Typically people punish their children and move on. If the child messes up, they do it again. You seem unwilling to move on. She was lying and stealing from you from the ages 9 to 12 or 10 to 13. ya that happens and you deal with it. " don't know is a fairly common answer for that age group. People do grow up.
It is unfortunate that she showed up unannounced. There is something going on that your fiance hasn't told you. With the proper notification, things could have been set up to have dealt with this in a much smoother manner. Ground rules laid down, schedules set up, etc. And this was something that could have been dealt with.
I would say that now the problem is not necessarily with the daughter, but the communication between you and your fiance. Either he was scared to tell you, or he got the info the last minute or ? Either way - you talk about it and grow from it - or the outcome will be like specialmom suggests.
I thought you said you broke up because of this. . . that sounds like the best solution. This will be a source of constant conflict between you and her dad for the rest of your relationship. Even if you are successful in extricating her from your life (which if you live with him would mean his too)---- he will always resent you. The deal is, if you are involved with a man with children----- the whole picture has to be taken into account before you marry. His whole picture is he has a daughter that you think steals from you and you don't want around. Relationship won't work, sorry. Just my opinion.

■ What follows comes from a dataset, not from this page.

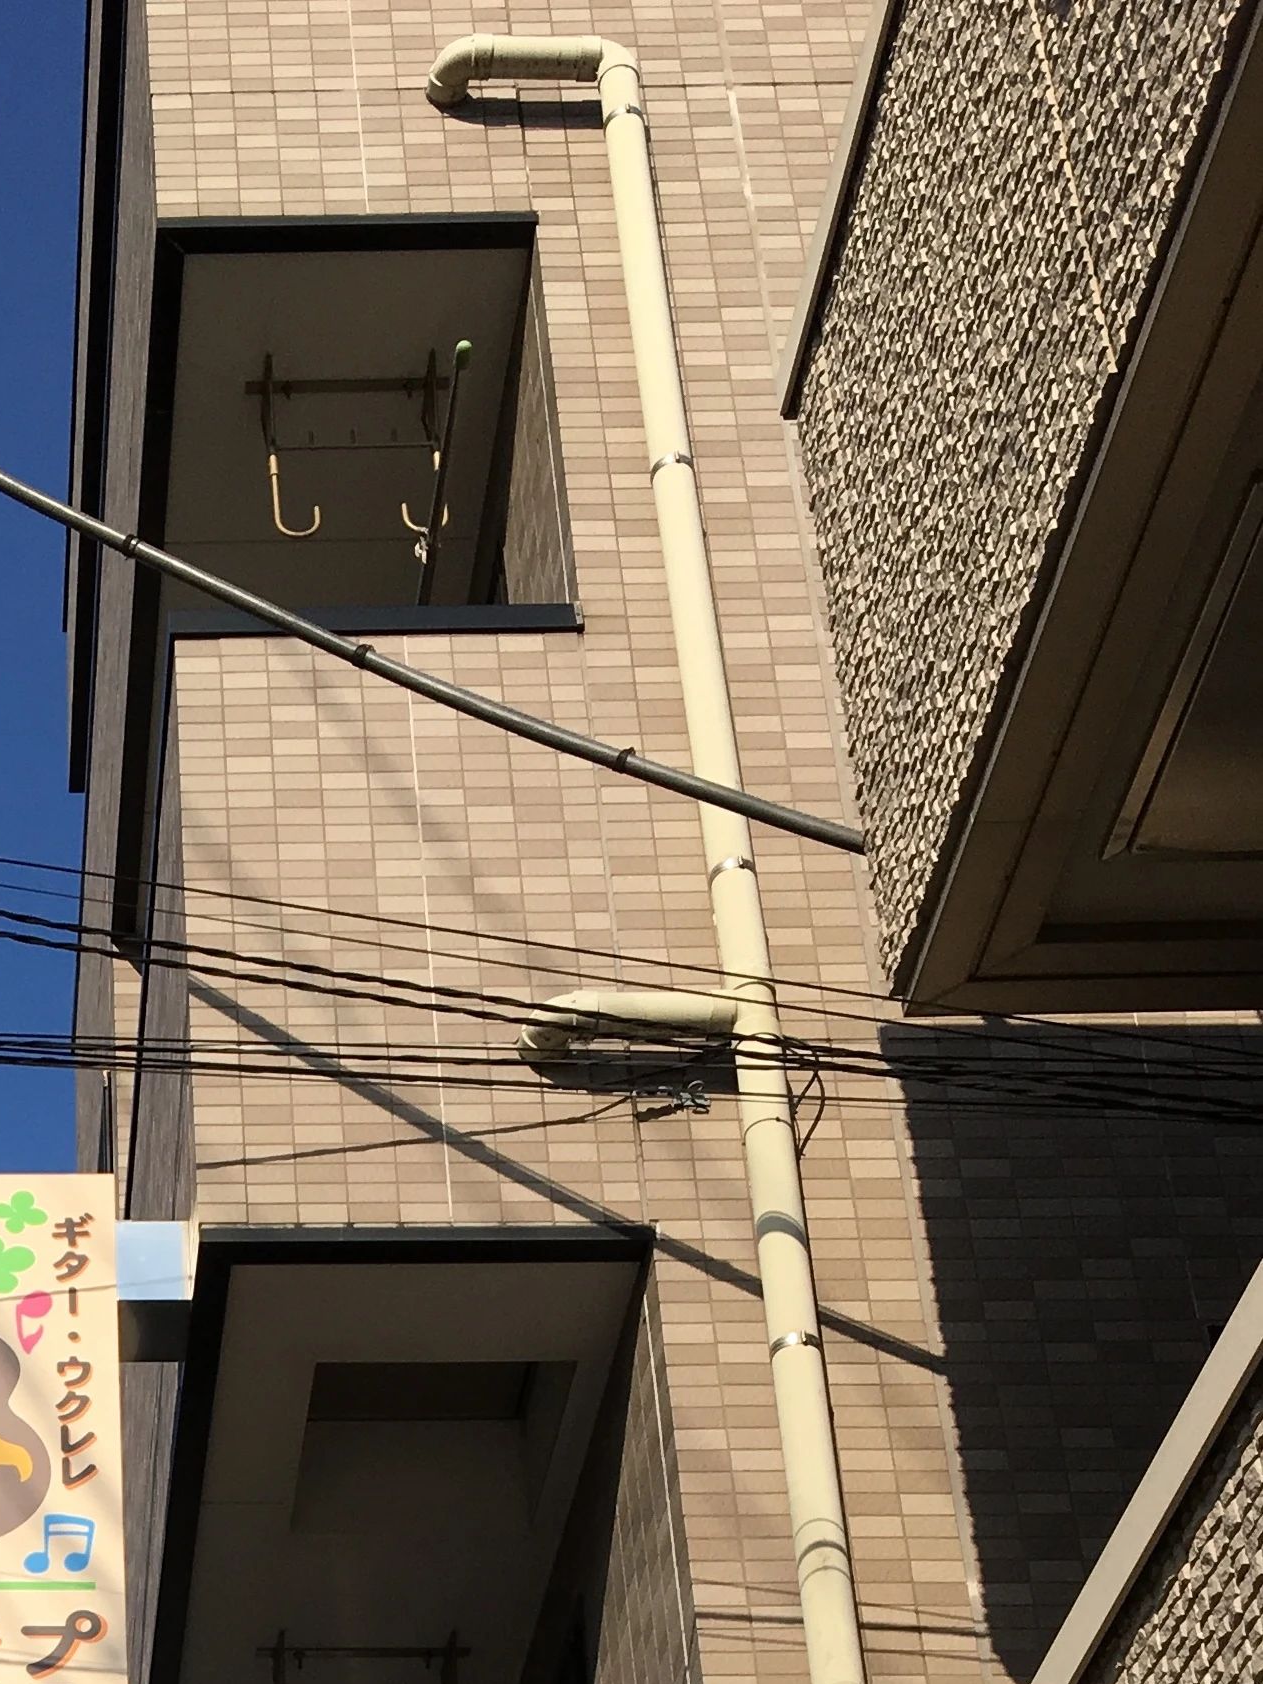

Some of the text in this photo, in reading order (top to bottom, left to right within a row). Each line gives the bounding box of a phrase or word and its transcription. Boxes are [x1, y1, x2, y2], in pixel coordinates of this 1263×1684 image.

[52, 1212, 98, 1490] ギター・ウクレレ
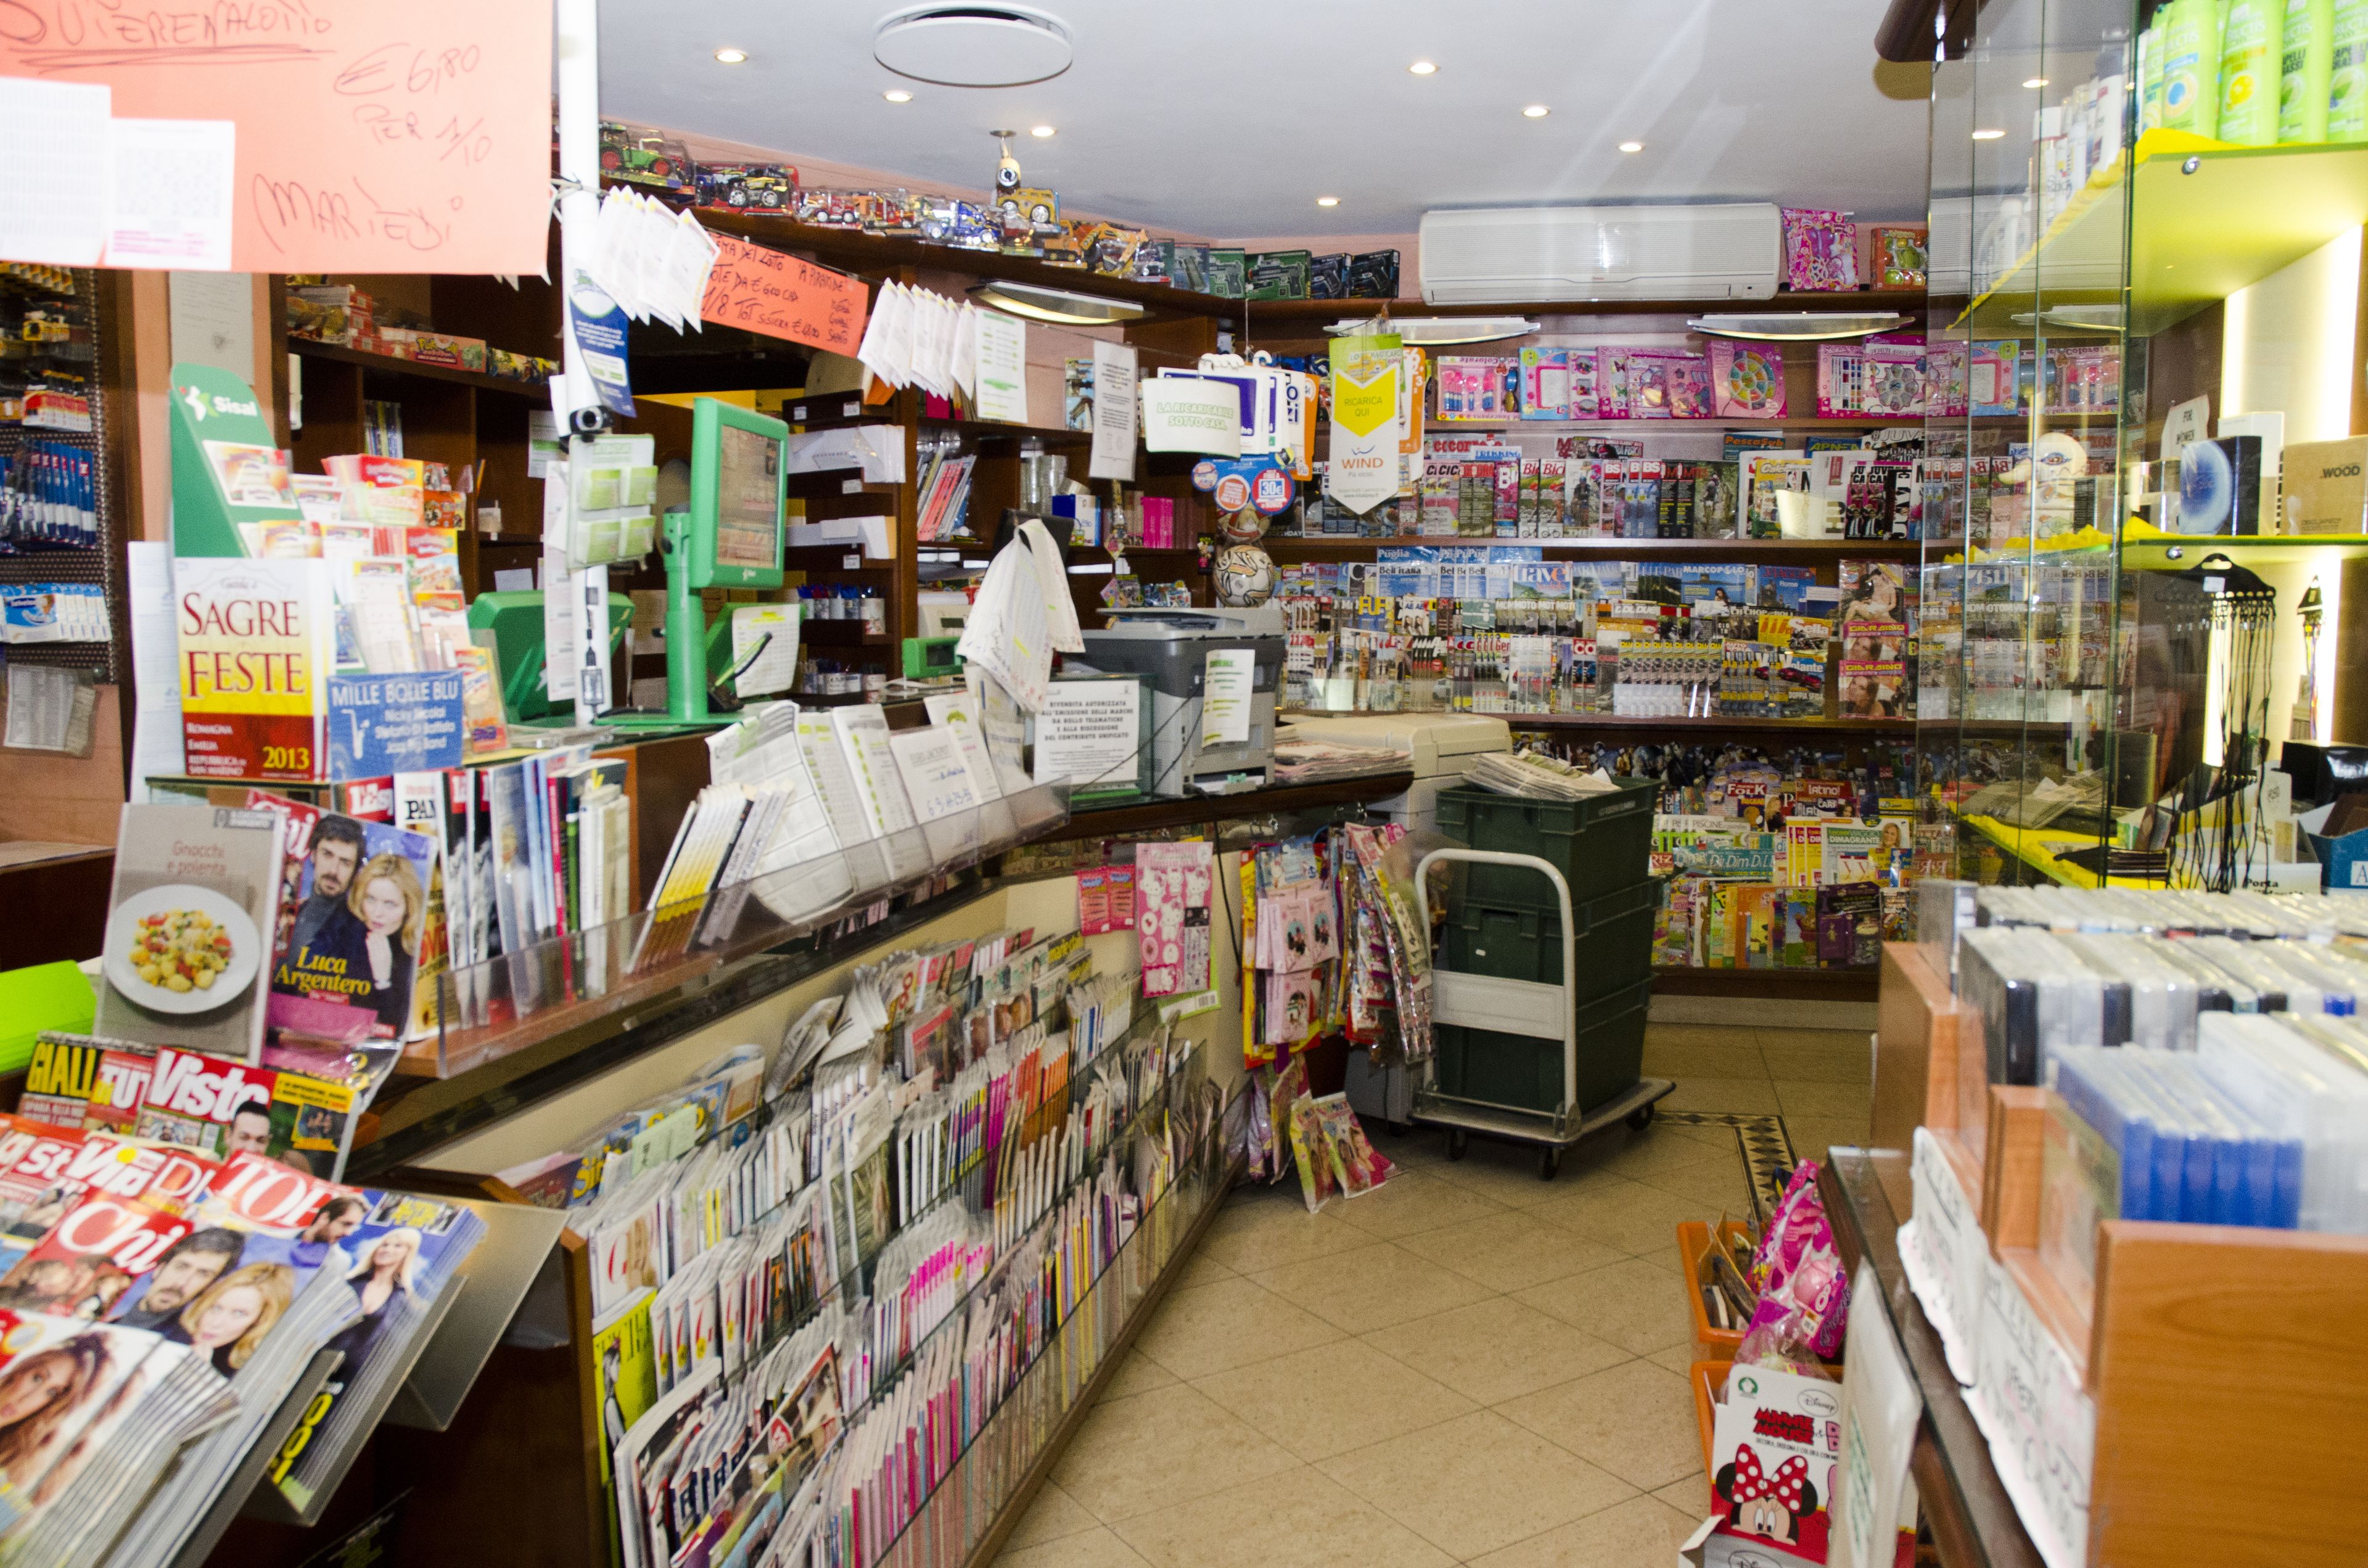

It is your house too and therefore you do have a right to lay some ground rules. I don't know if it's exactly fair to ground her from your life permanently, but she shouldn't live there without any rules. Remember this is your fiance's daughter, flesh and blood. He watched her grow up and loves her a lot. It would probably be very hard for him to never see her again. Don't make him choose between you and his daughter, but make sure she doesn't steal from you.